Christof recuerda el primer pez león que vio en su vida: “Fue hace 10 años, y era muy pequeño”; y hace un gesto con los dedos para marcar apenas cinco centímetros. “Pero año a año nos llegan más, y mucho más grandes. El mayor que he visto pesaba 2,3 kilos y medía más de 30 centímetros”.
Aunque los vende en su pescadería, y hay algún supermercado también en la zona que los ofrece, el pez león no es el más popular de los pescados en la isla. Los chipriotas lo emplean fundamentalmente para hacer sopa.
Incorporar ampliamente este pescado a la dieta humana es, según los estudios científicos, la mejor estrategia de control. Pero hay que tener cuidado y aprender de lo ocurrido al otro lado del Atlántico. El biólogo costarricense explica lo que pasó en el Caribe: “Al principio, la gente no lo quería pescar ni consumir porque era venenoso; luego, fueron viendo que se podía consumir si le quitas las espinas. Lo aceptaron y empezaron a llevarlo a casa, y se dieron cuenta de que era un pescado de calidad. De las casas dio el salto a los restaurantes y decenas de establecimientos lo ofrecen ya en Latinoamérica… Pero, de repente, nos dimos cuenta de que solo nos ponían piezas grandes o medianas. Hablamos con los arponeros, y nos dijeron que les salía mejor pescar los grandes y medianos por precio. Pero también que no pescaban los más pequeños para mantener la especie. Estaban haciendo sostenible esa pesca, y eso es un error en el que no hay que caer”.
Es un viernes por la tarde de inicios de octubre en el Knight’s Pub Restaurant, en la turística población de Pernera. Aunque está en Chipre, este bar, aparentemente, podría estar en Benidorm o en cualquier otro destino de turismo de sol y birra del Mediterráneo. Suena rock y la mayoría de la clientela son sesenteros de melenas largas, aunque escasas, y camisetas negras. La sorpresa está en la cocina y en los platos que salen de ella.
Además de ser un referente culinario en la isla por su cocina de fusión, el Knight’s Pub es el único restaurante de Chipre que sirve regularmente el pez león.

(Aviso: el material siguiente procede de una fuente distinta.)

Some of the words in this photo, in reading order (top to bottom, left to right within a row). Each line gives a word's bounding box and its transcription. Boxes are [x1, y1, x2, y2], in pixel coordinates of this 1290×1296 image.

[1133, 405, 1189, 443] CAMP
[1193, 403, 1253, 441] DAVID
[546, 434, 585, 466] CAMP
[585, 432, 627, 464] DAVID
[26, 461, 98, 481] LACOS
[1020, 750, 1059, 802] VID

Habla el cocinero, Xenis Soterion: “Hago mi propia receta, yo lo limpio, aunque siempre lo compro sin espinas en la pescadería de Christof”. Lo que resulta son unos jugosos lomos a la plancha de pez león con verduras y una salsa deliciosa.

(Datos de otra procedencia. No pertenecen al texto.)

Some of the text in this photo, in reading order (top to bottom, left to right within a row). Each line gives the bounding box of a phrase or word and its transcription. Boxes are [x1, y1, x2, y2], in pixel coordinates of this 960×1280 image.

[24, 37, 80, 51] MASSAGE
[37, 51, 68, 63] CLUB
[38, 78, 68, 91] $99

Este cocinero de 58 años abrió en los años ochenta este restaurante con su hermano. Que sirvan pez león tiene mucho de conciencia medioambiental. Jiménez todavía recuerda la primera vez que le ofrecieron comerlo. “No sabían quién era yo, que era biólogo, pero el dueño nos insistió en que lo pidiéramos porque, además de estar bueno, contribuíamos a reducir su población para favorecer las especies locales”.

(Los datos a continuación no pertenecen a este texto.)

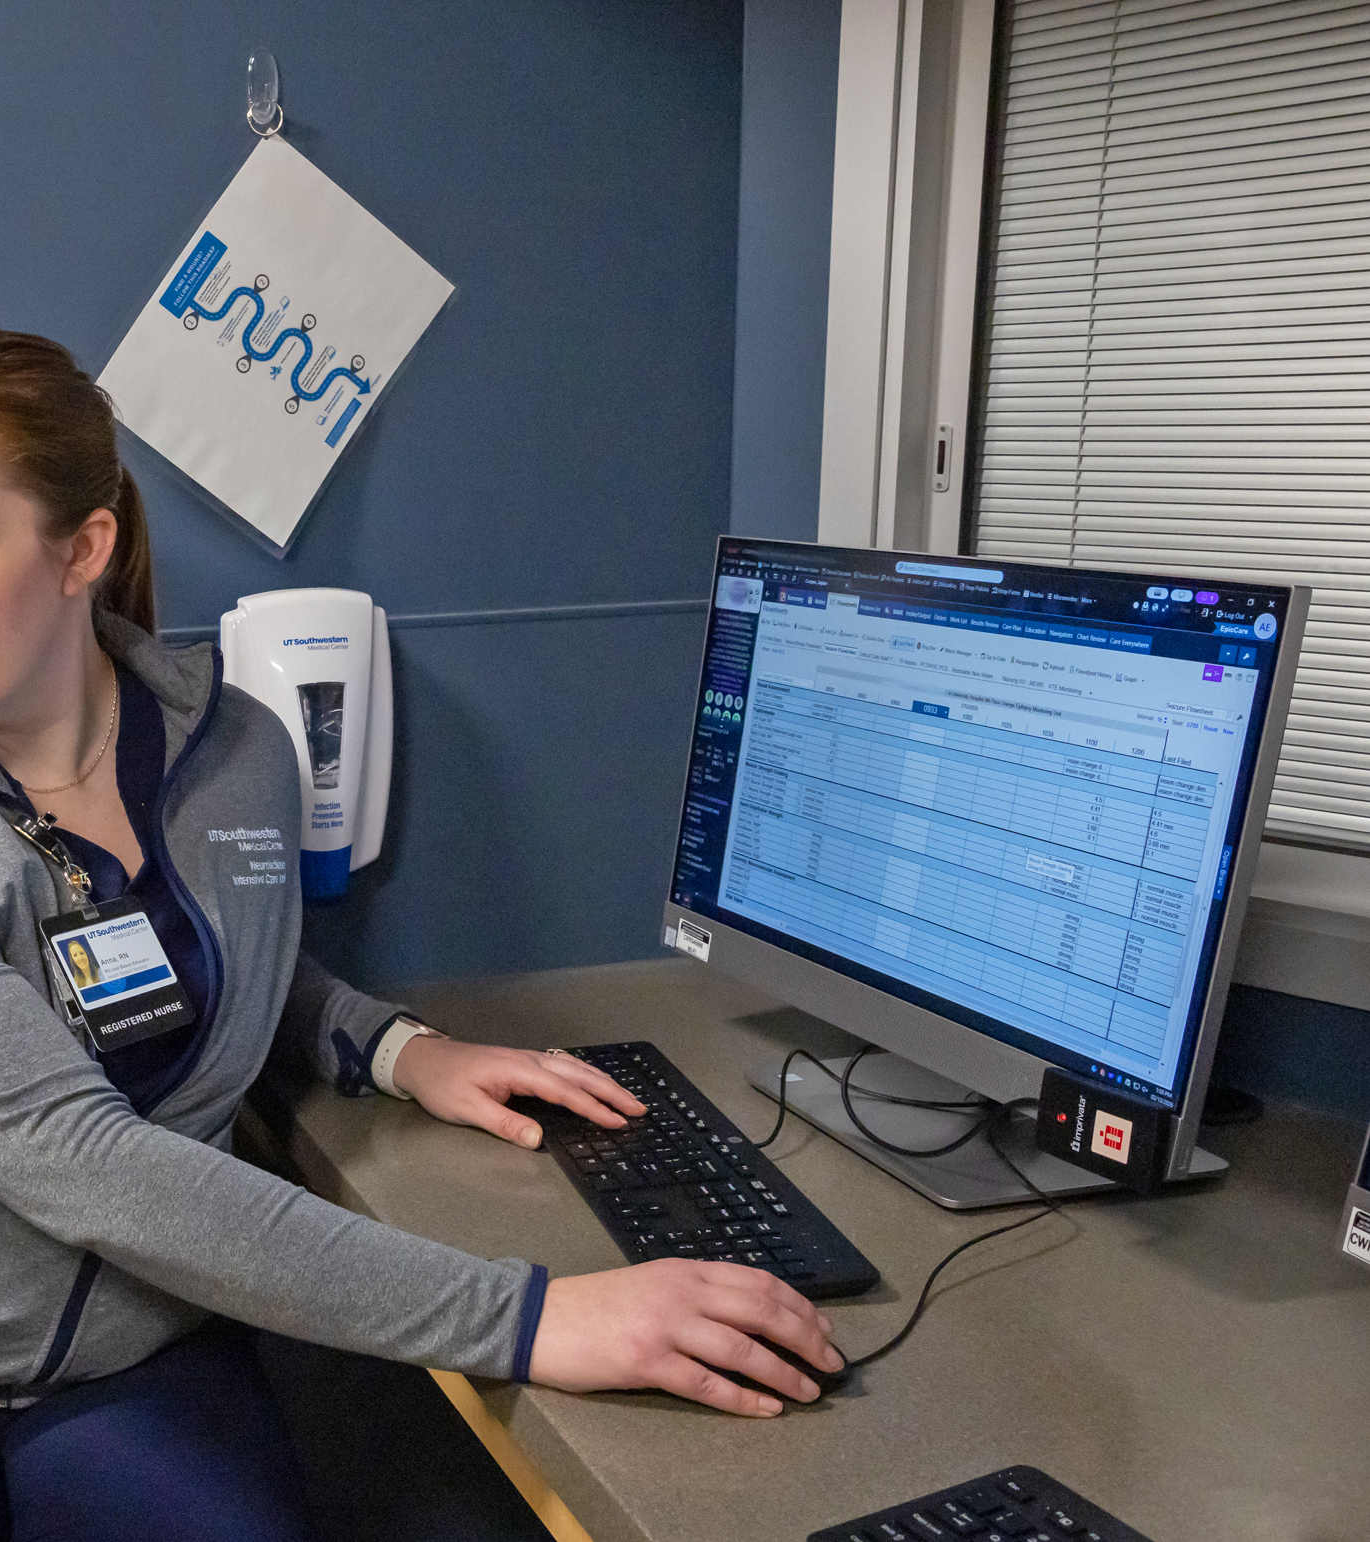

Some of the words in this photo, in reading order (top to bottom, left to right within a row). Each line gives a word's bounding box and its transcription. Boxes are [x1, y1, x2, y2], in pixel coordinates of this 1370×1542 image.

[173, 285, 190, 306] FOLLOW
[188, 271, 198, 285] THIS
[196, 245, 215, 270] ROADMAP
[174, 280, 184, 292] FIND
[186, 251, 203, 274] WOUND?
[762, 604, 788, 615] Flowsheets
[892, 608, 902, 616] MAR
[970, 618, 984, 627] Results
[984, 620, 999, 629] Review
[1001, 622, 1011, 630] Care
[1011, 624, 1022, 632] Plan
[1258, 621, 1271, 632] AE
[1024, 626, 1046, 635] Education
[1048, 629, 1073, 640] Navigators
[1219, 624, 1249, 636] EpicCare
[294, 637, 348, 645] Southwestern
[1076, 633, 1089, 641] Chart
[1089, 634, 1106, 643] Review
[1109, 637, 1121, 645] Care
[1121, 638, 1149, 650] Everywhere
[1001, 676, 1017, 685] Nursing
[1029, 680, 1044, 689] MEWS
[1122, 674, 1138, 684] Graph
[1047, 683, 1058, 691] VTE
[1058, 685, 1082, 696] Monitoring
[923, 704, 937, 714] 0933
[1031, 706, 1052, 716] Monitoring
[1165, 701, 1185, 712] Seizure
[1185, 705, 1214, 717] Flowsheet
[1000, 721, 1012, 729] 1025
[1202, 724, 1218, 733] Reset
[1222, 727, 1234, 736] Now
[1085, 738, 1098, 746] 1100
[1131, 747, 1145, 756] 1200
[1066, 757, 1080, 765] vision
[1079, 760, 1097, 771] change
[1163, 754, 1176, 763] Last
[1176, 756, 1192, 766] Filed
[1064, 767, 1078, 775] vision
[1078, 770, 1095, 780] change
[1159, 777, 1175, 785] vision
[1174, 780, 1195, 792] change
[1157, 787, 1173, 796] vision
[1172, 790, 1193, 802] change
[315, 802, 340, 810] Infection
[312, 811, 343, 819] Prevention
[1153, 809, 1162, 817] 4.5
[1151, 820, 1162, 828] 4.41
[1159, 843, 1169, 851] mm
[1145, 849, 1154, 857] 0.1
[1221, 851, 1230, 868] Open
[1217, 870, 1227, 887] Brain
[1050, 887, 1065, 895] normal
[1145, 883, 1165, 894] normal
[1166, 889, 1183, 900] muscle
[1143, 893, 1163, 905] normal
[1164, 899, 1181, 910] muscle
[1141, 903, 1161, 914] normal
[1162, 909, 1179, 920] muscle
[1065, 912, 1079, 923] strong
[1139, 913, 1159, 924] normal
[1160, 919, 1177, 930] muscle
[87, 930, 96, 939] UT
[97, 918, 146, 937] Southwestern
[1063, 922, 1078, 932] strong
[110, 930, 131, 941] Medical
[131, 925, 148, 935] Center
[1061, 931, 1076, 942] strong
[1129, 934, 1145, 944] strong
[1060, 941, 1074, 951] strong
[1127, 944, 1143, 954] strong
[119, 952, 129, 960] RN
[1058, 950, 1072, 960] strong
[1125, 953, 1140, 964] strong
[1056, 959, 1071, 970] strong
[1123, 963, 1139, 973] strong
[1121, 972, 1136, 983] strong
[1119, 982, 1134, 993] strong
[100, 1011, 153, 1035] REGISTERED
[153, 1001, 183, 1017] NURSE
[1075, 1096, 1086, 1141] imprivata

A menos de tres kilómetros del pub está el Ocean Aquarium de Protaras. Su director es Vasilis Andreou, un biólogo marino de 36 años. Sentado a su lado y frente a un café está Jiménez: “No hace falta tener 60 años para darse cuenta de que el mar está cambiando”. Andreou asiente y relata: “Mi padre era pescador, aunque no profesional, y yo crecí en el mar. Los cambios son increíbles respecto a lo que recuerdo de niño”. Y empieza a hacer un recuento de bajas: atunes, pulpos, peces limón, dentones… Todos son peces autóctonos que han desaparecido de las aguas de Chipre o que ya casi es imposible capturar. “Estos son los cambios que yo he visto con mis ojos, pero si hablas con mi padre te contará muchísimos más. Imagina qué ocurrirá en dos generaciones”. Se hace el silencio en la mesa. A Jiménez no se le borra una frase que le dijo la noche anterior un viejo pescador de la zona: “El mar está enfermo, Carlos”.